### [What you have to do]
This exercise calls for the data below to be retyped exactly, minus any images.

### [Data supplied]

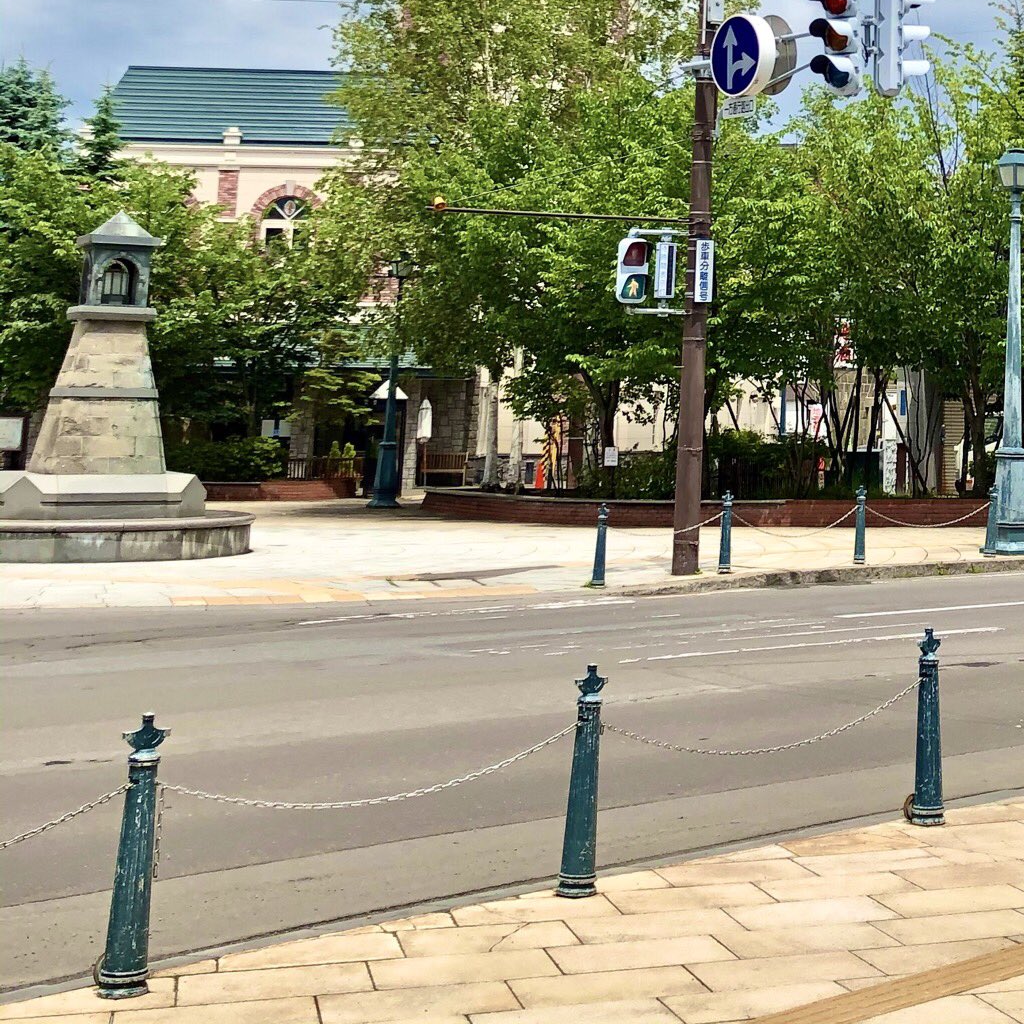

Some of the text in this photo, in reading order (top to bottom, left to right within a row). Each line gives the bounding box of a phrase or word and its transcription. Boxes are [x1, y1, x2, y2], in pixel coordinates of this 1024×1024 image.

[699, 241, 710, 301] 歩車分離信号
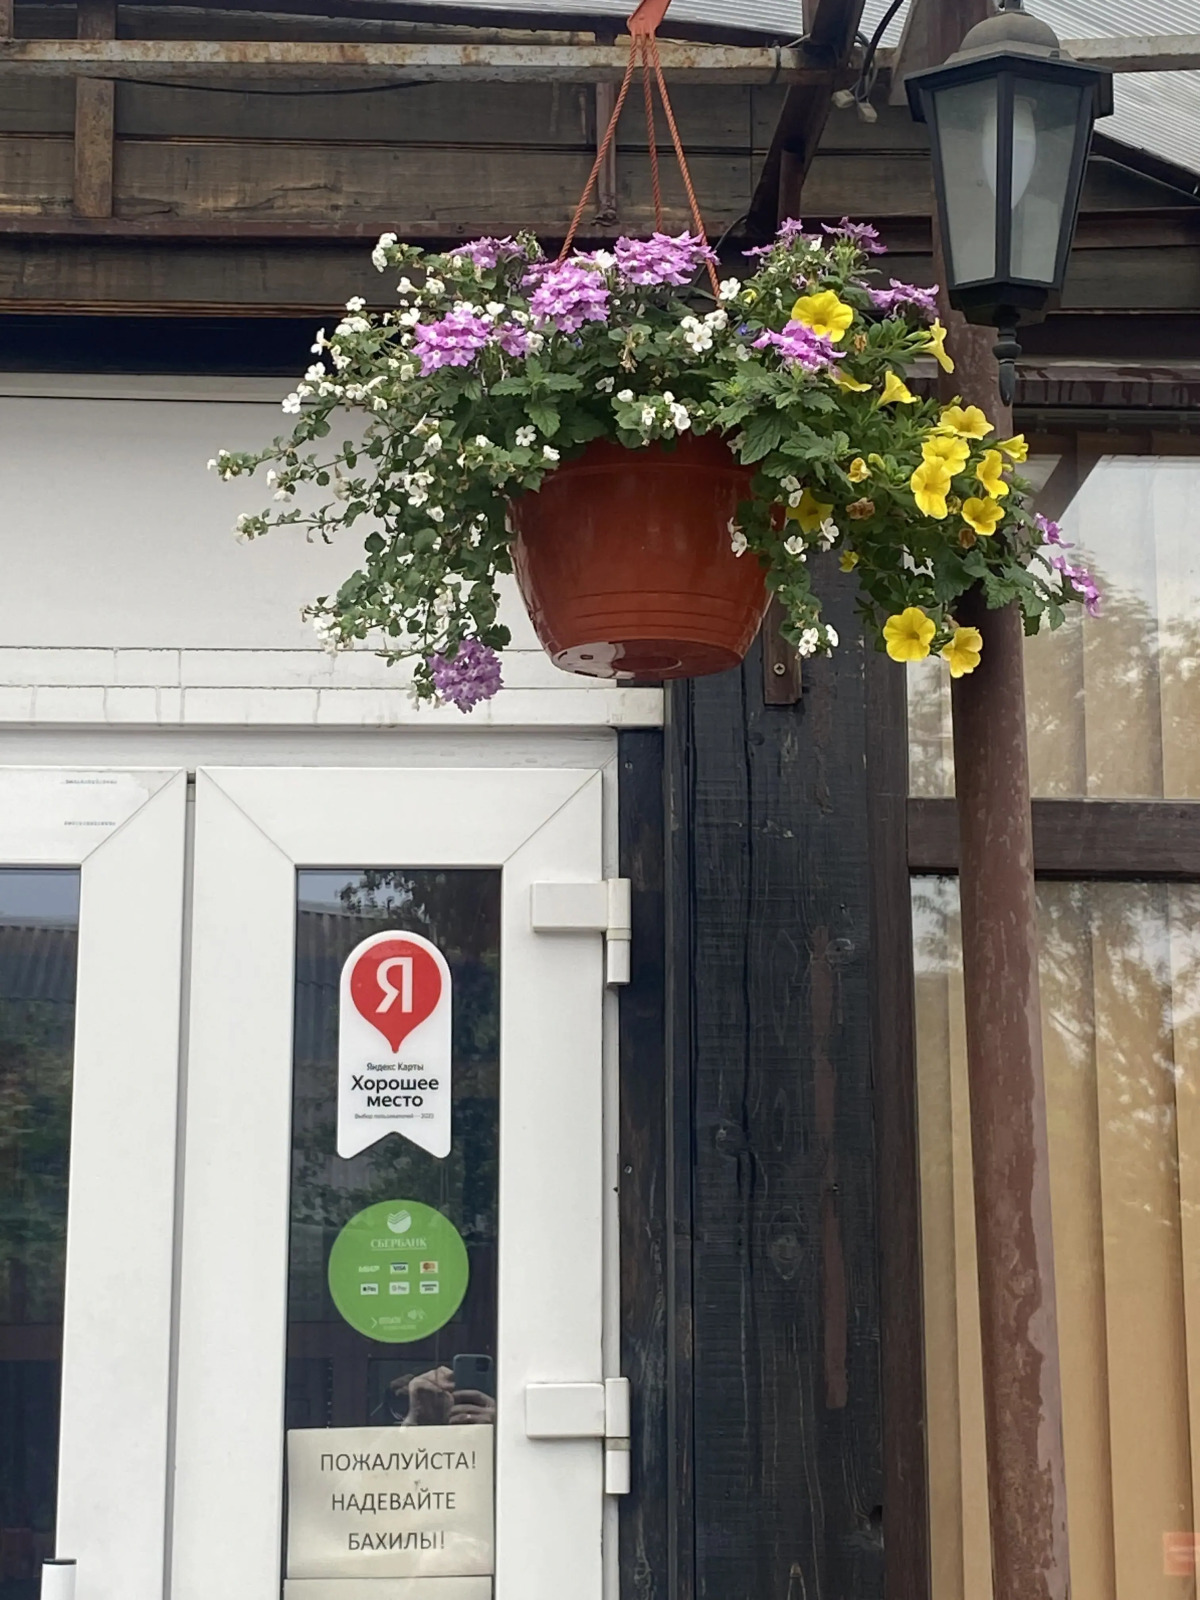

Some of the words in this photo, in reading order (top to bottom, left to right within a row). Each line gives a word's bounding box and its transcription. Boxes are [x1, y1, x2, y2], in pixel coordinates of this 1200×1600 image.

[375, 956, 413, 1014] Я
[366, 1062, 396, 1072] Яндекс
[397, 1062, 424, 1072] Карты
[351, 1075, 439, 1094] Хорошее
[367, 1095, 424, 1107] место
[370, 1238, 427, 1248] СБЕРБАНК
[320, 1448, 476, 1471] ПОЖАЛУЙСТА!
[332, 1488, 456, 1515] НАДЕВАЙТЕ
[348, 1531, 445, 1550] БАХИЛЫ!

### [Task response]
Some of the text in this photo, in reading order (top to bottom, left to right within a row). Each line gives the bounding box of a phrase or word and its transcription. Boxes are [x1, y1, x2, y2], in pixel coordinates of this 1024×1024 image.

[699, 241, 710, 301] 歩車分離信号

Some of the words in this photo, in reading order (top to bottom, left to right within a row). Each line gives a word's bounding box and its transcription. Boxes are [x1, y1, x2, y2], in pixel coordinates of this 1200×1600 image.

[375, 956, 413, 1014] Я
[366, 1062, 396, 1072] Яндекс
[397, 1062, 424, 1072] Карты
[351, 1075, 439, 1094] Хорошее
[367, 1095, 424, 1107] место
[370, 1238, 427, 1248] СБЕРБАНК
[320, 1448, 476, 1471] ПОЖАЛУЙСТА!
[332, 1488, 456, 1515] НАДЕВАЙТЕ
[348, 1531, 445, 1550] БАХИЛЫ!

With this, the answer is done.